Serge Le Péron imagine ainsi un héros, le juge François Marcorelle (J-P Léaud), torturé par un conflit moral qui prend source dans la citation de F. Dostoïevski : « Nous sommes tous coupables…Et moi plus que les autres. » Partant des délires de son personnage, le cinéaste élabore un film qui emprunte à plusieurs genres : le polar, la comédie, le fantastique, la satire sociale et politique.
Au terme d’une soirée passée seul, François Marcorelle accepte l’invitation d’une jeune Polonaise (I. Jacob) et monte chez elle prendre un dernier verre. Après une bagarre avec le père de la fille, il commet l’irréparable. Réalité ou fiction ? L’Affaire Marcorelle s’applique à semer le doute dans nos consciences en enchaînant des scènes qui mêlent enquête réaliste (les moeurs au sein du barreau de Chambéry) et digressions psychologiques sur les angoisses du protagoniste. Sous-tendu par une narration originale, le film passe sans complexe d’un univers à l’autre, et détonne par rapport à un certain consensus français qui voudrait qu’on ne mélangeât pas les codes propres à chaque catégorie d’œuvres. Cette excellente initiative ne parvient cependant pas à combler les nombreuses faiblesses de L’Affaire Marcorelle.

Confiée à un cinéaste talentueux, l’histoire de François Marcorelle aurait pu donner lieu à un insolite thriller psychologique, mais sous la direction de Serge Le Péron, celle-ci peine à nous convaincre. Deux raisons à cet échec : la maladresse de la réalisation, qui accumule les plans insignifiants, dignes d’un feuilleton télévisé, et l’absence de direction d’acteurs.
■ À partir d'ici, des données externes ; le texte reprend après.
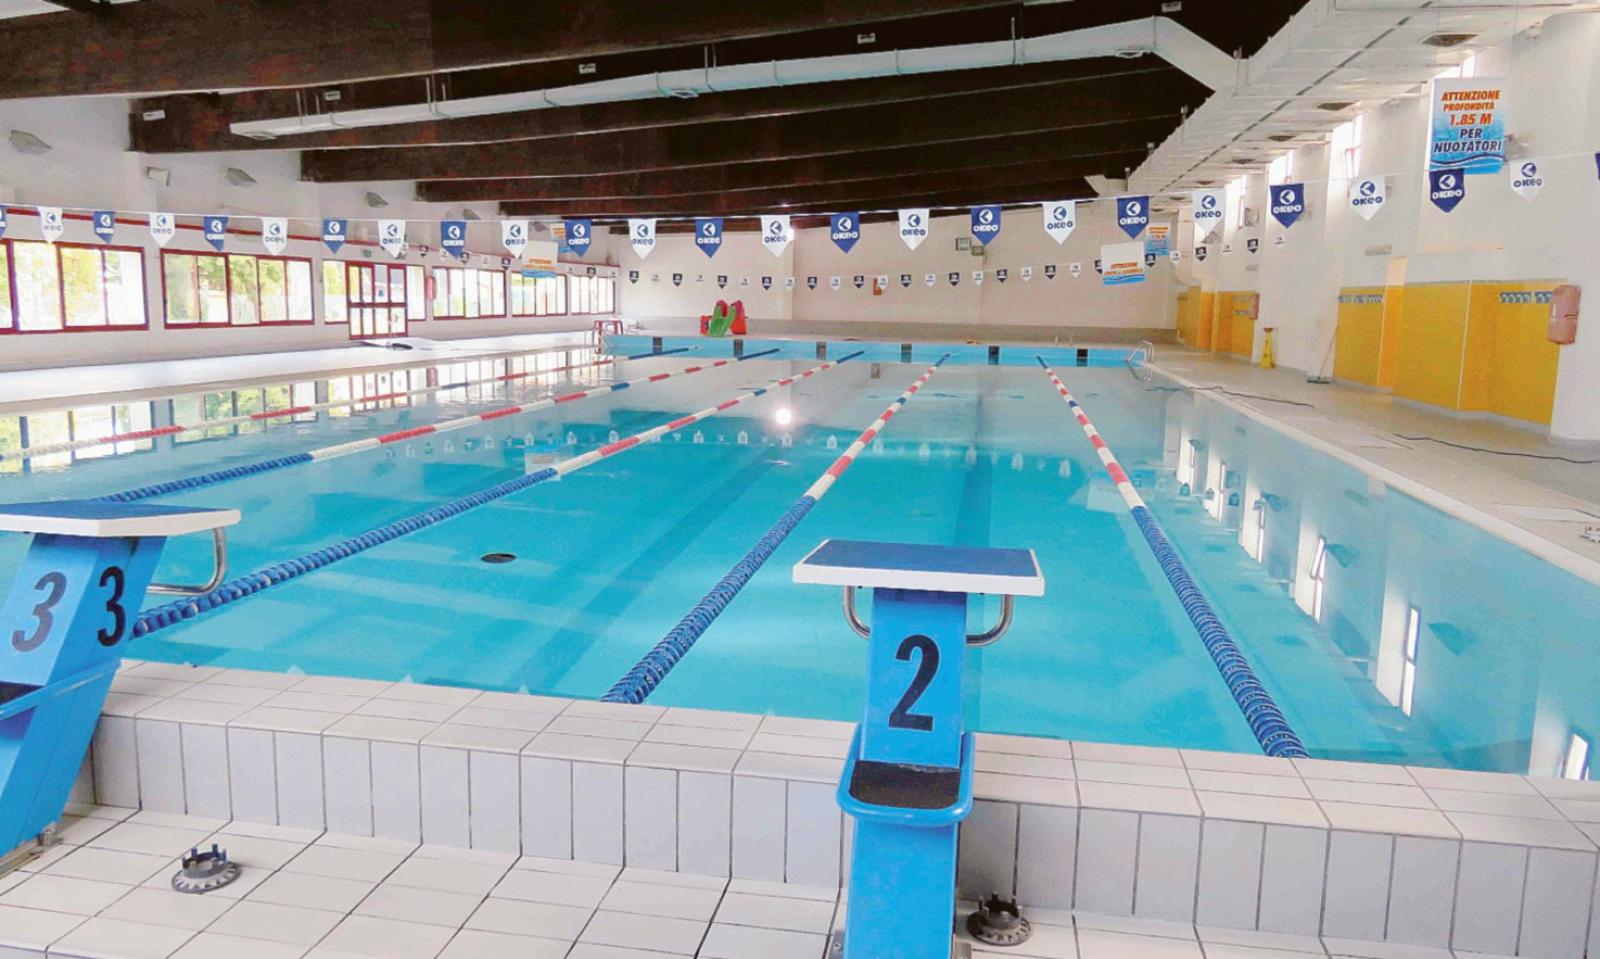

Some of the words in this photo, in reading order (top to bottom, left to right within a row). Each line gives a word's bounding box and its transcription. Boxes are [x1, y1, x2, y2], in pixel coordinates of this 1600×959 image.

[1441, 90, 1500, 101] ATTENZIONE
[1450, 113, 1476, 127] 1.85
[1480, 113, 1492, 125] M
[1460, 128, 1483, 138] PER
[1434, 141, 1502, 152] NUOTATORI
[12, 571, 67, 652] 3
[97, 566, 126, 647] 3
[888, 634, 940, 732] 2
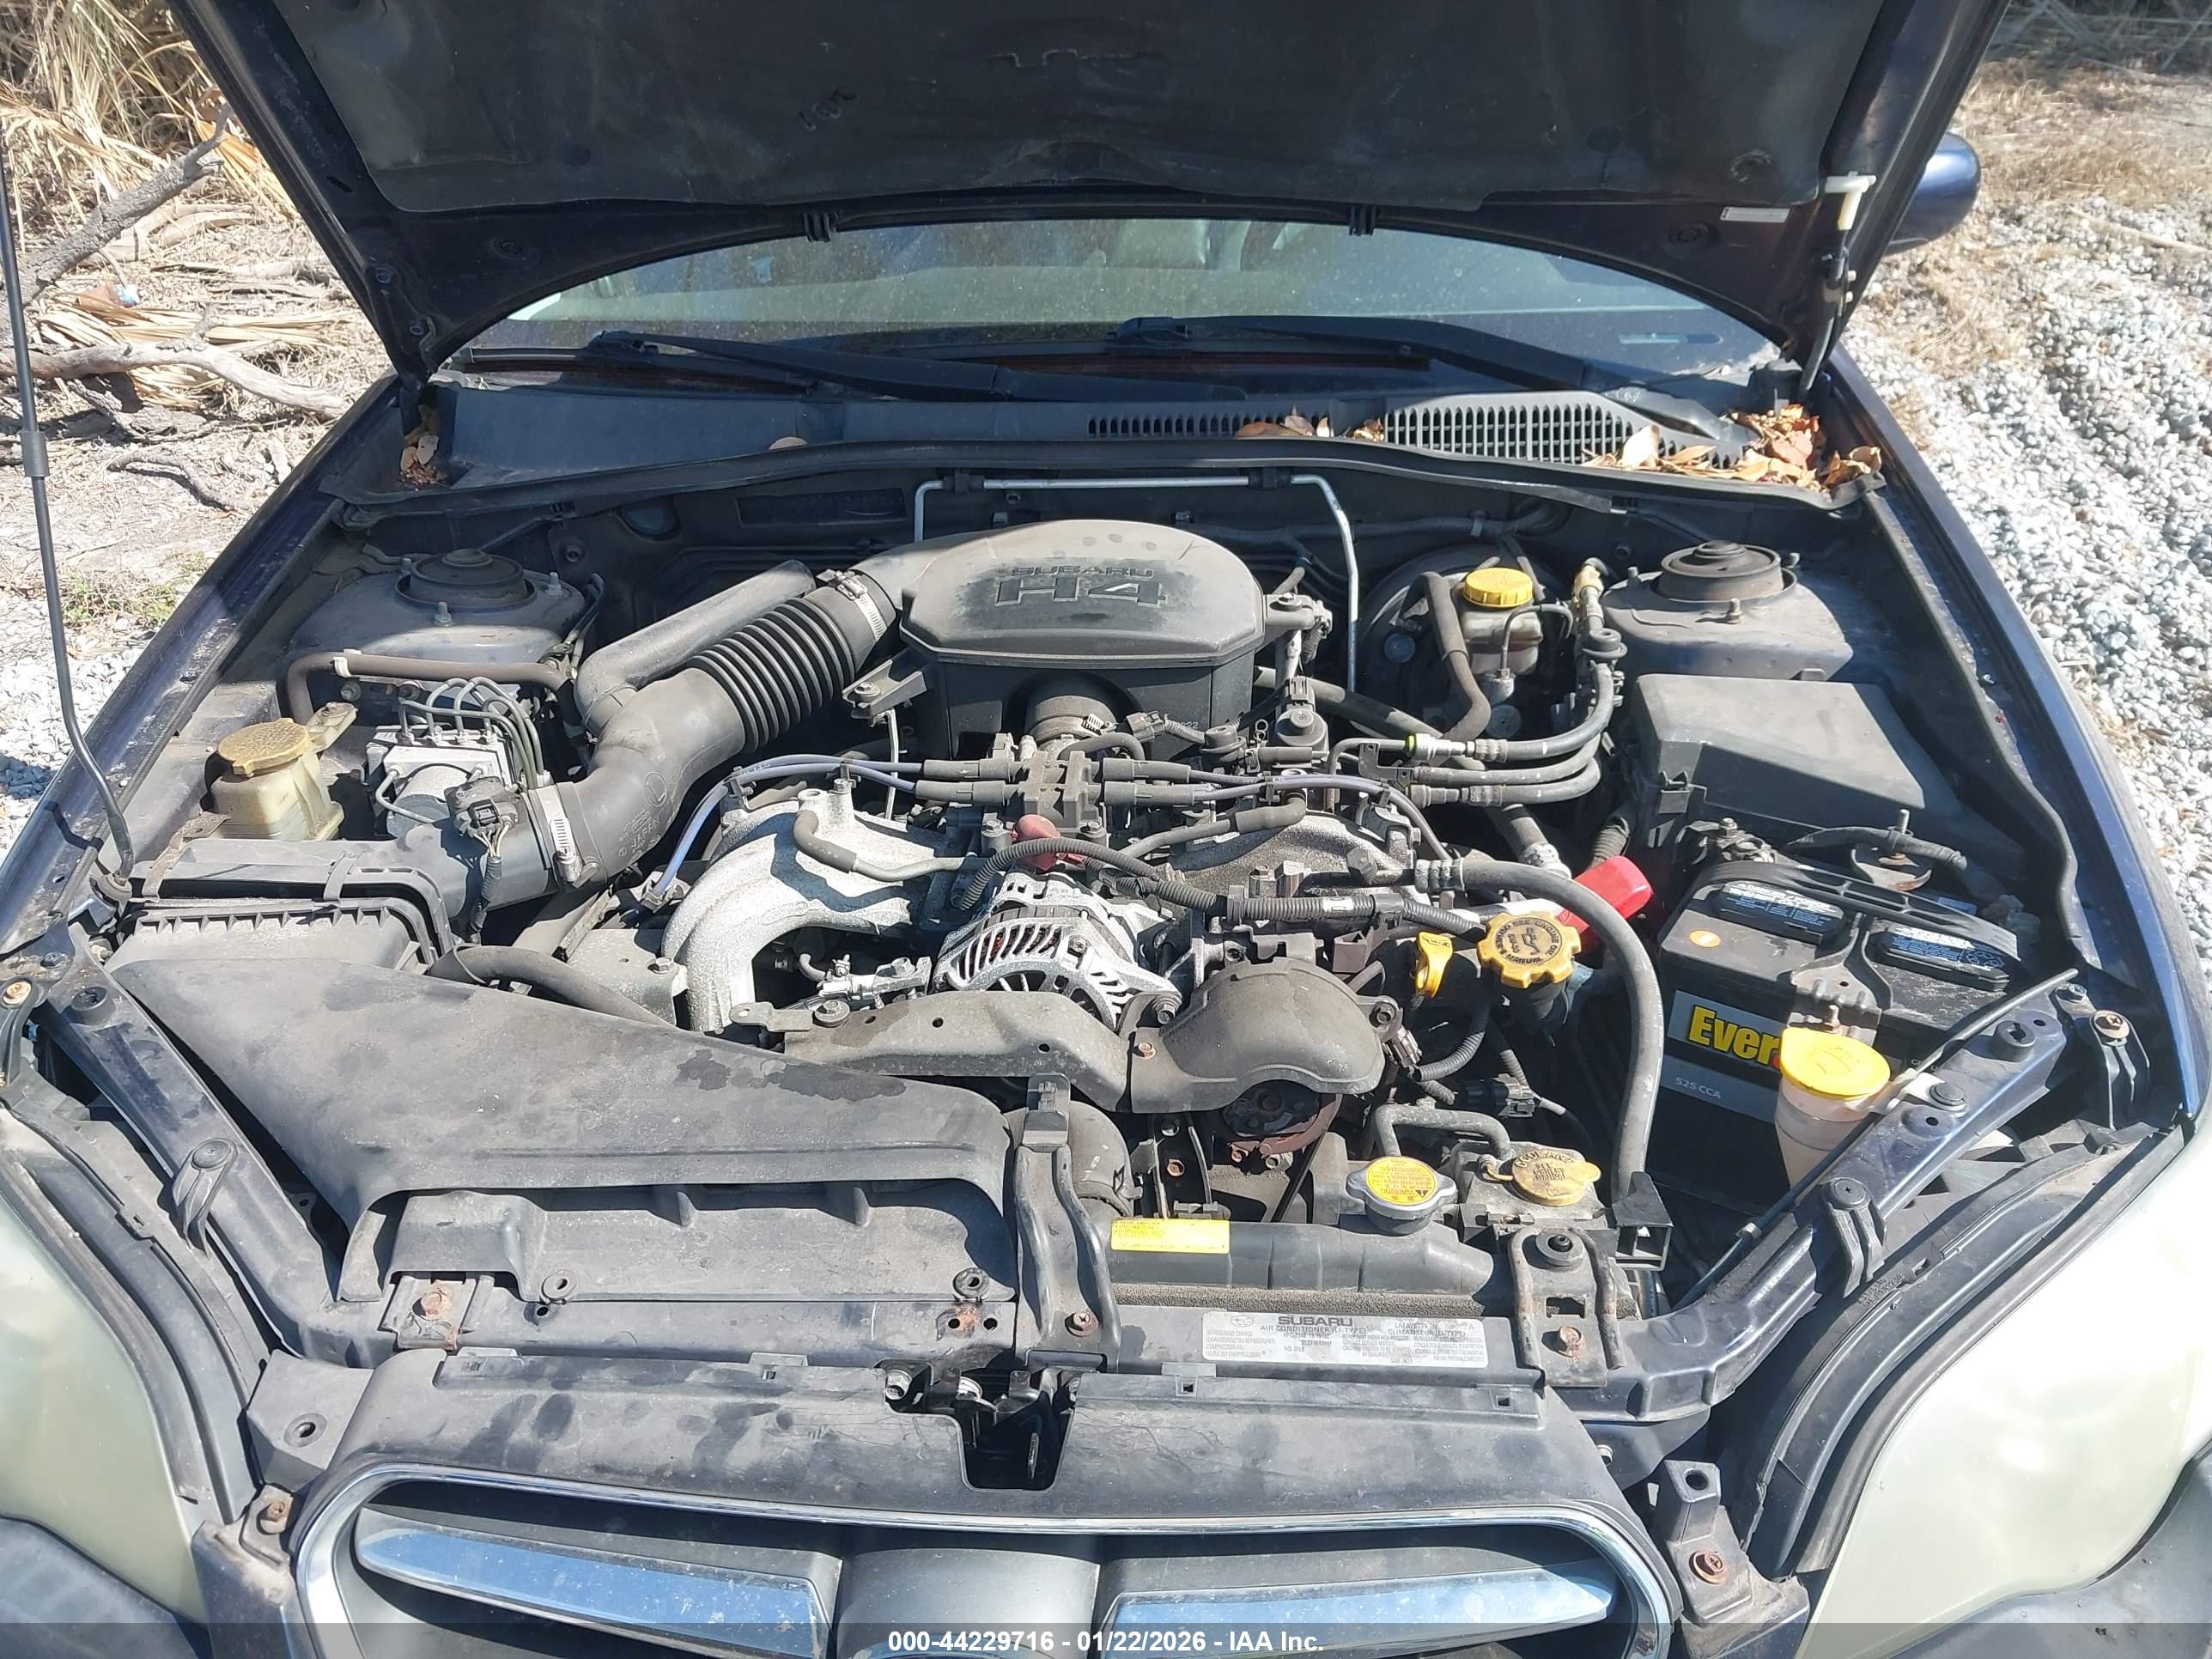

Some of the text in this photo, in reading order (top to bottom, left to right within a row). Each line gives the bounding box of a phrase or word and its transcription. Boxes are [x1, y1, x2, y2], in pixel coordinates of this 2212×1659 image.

[1012, 565, 1154, 579] SUBARU
[994, 575, 1169, 607] H4
[1675, 1077, 1721, 1099] 525 CCA
[1278, 1316, 1353, 1327] SUBARU
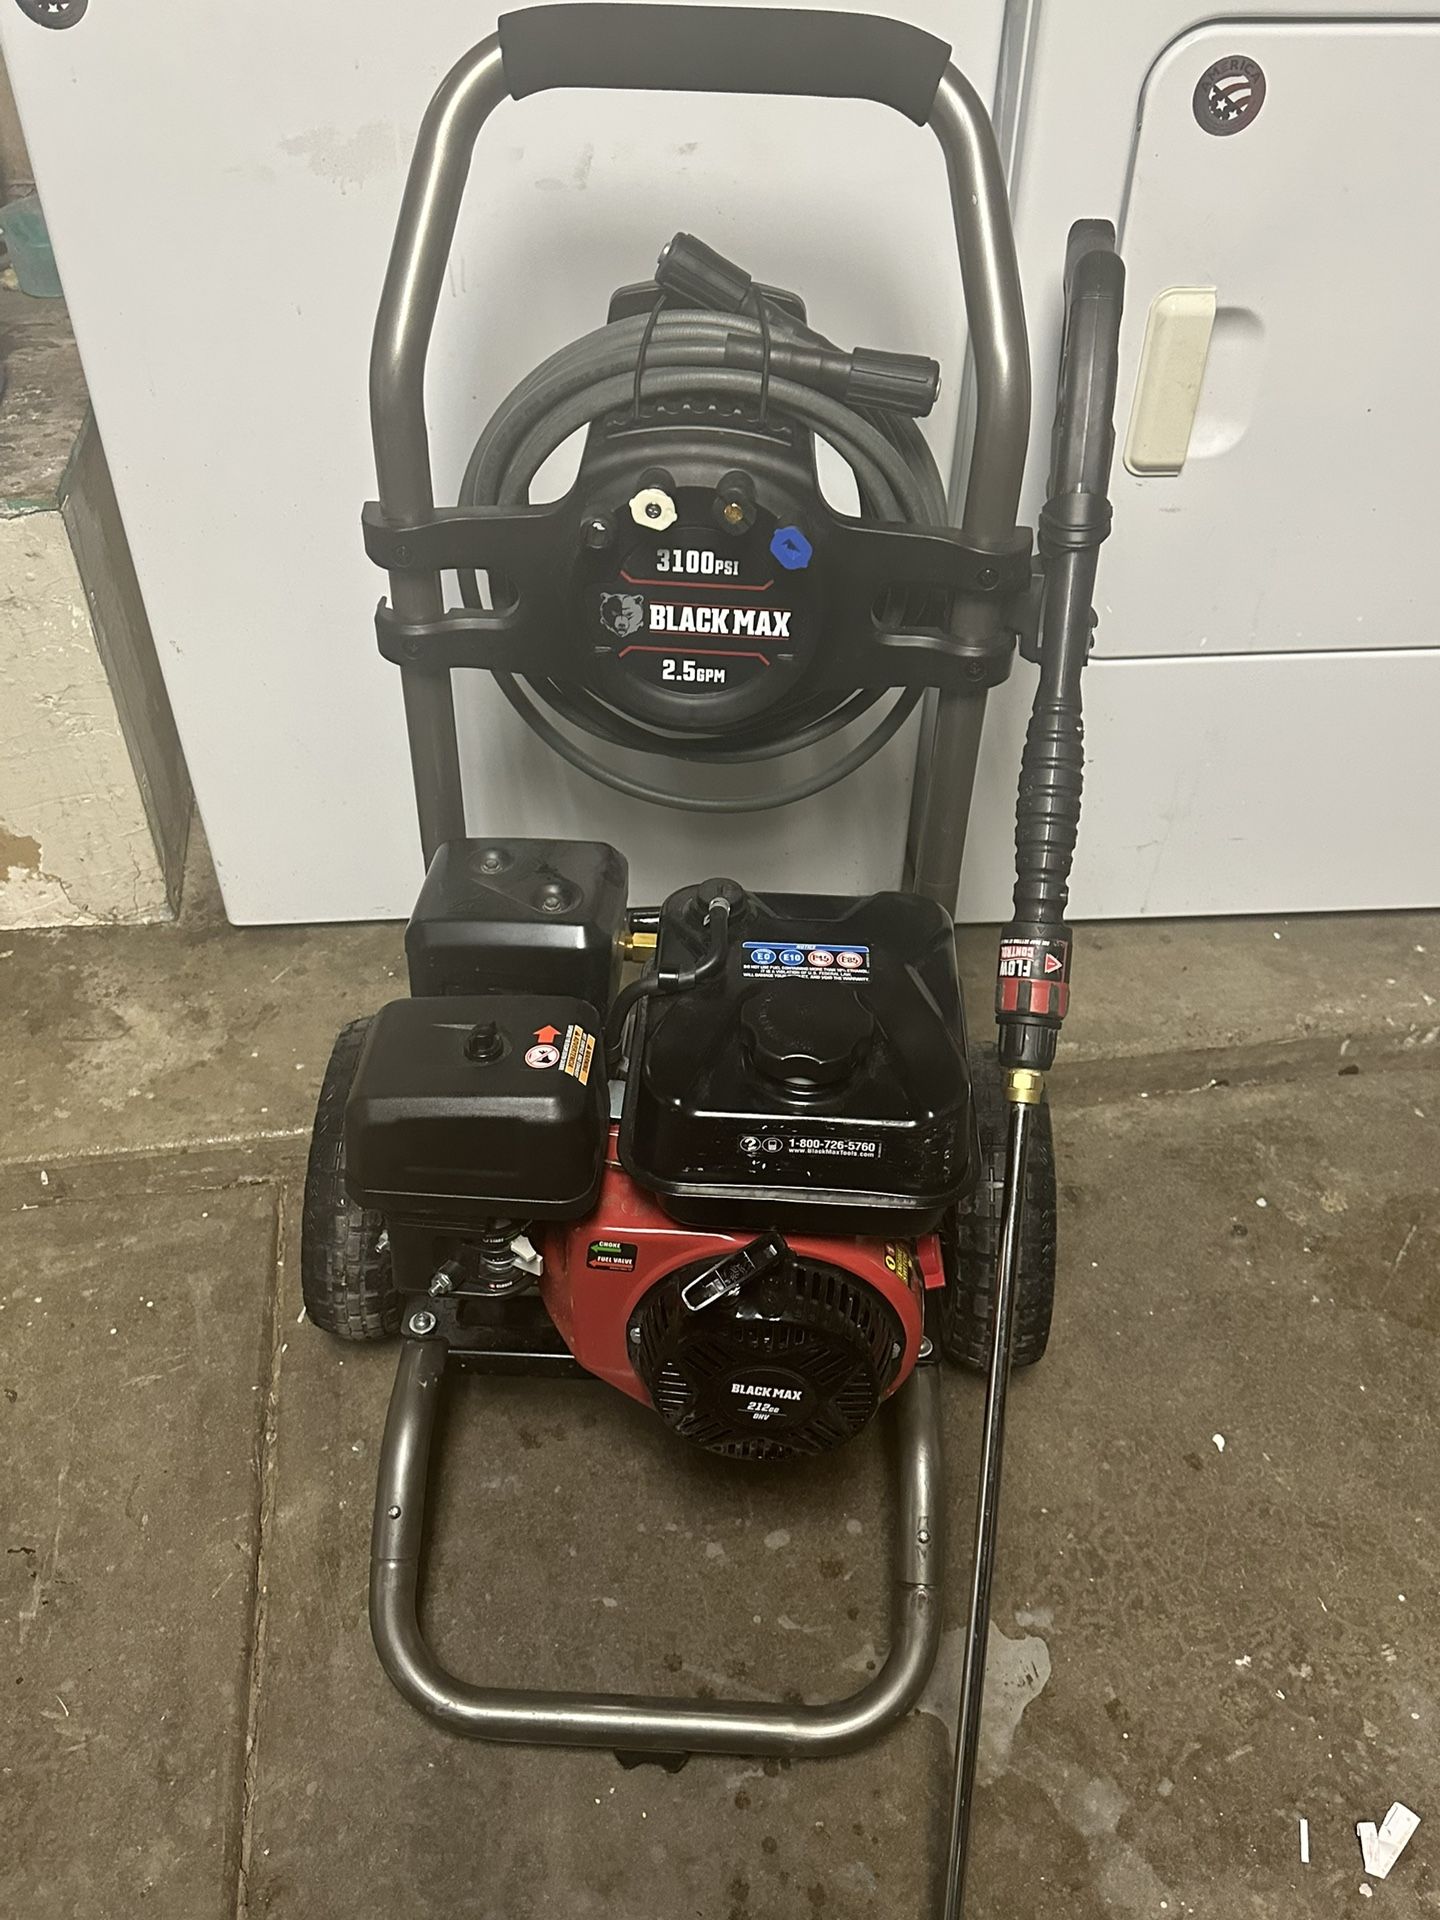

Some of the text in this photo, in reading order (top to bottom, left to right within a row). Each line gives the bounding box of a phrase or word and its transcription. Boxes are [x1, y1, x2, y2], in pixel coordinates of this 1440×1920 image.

Face à Jean-Pierre Léaud, vieux routier du cinéma rodé à toutes les méthodes, Irène Jacob (avec sa pénible diction mâtinée d’accent polonais) et Mathieu Amalric sont aussi transparents que des jeunes premiers débutant dans un soap français. Alors que Aïe de Sophie Fillières (autre œuvre aux pistes multiples) était littéralement porté par la grâce de ses interprètes, l’indifférence de L’Affaire Marcorelle pour ceux-ci lui enlève toute chance de salut.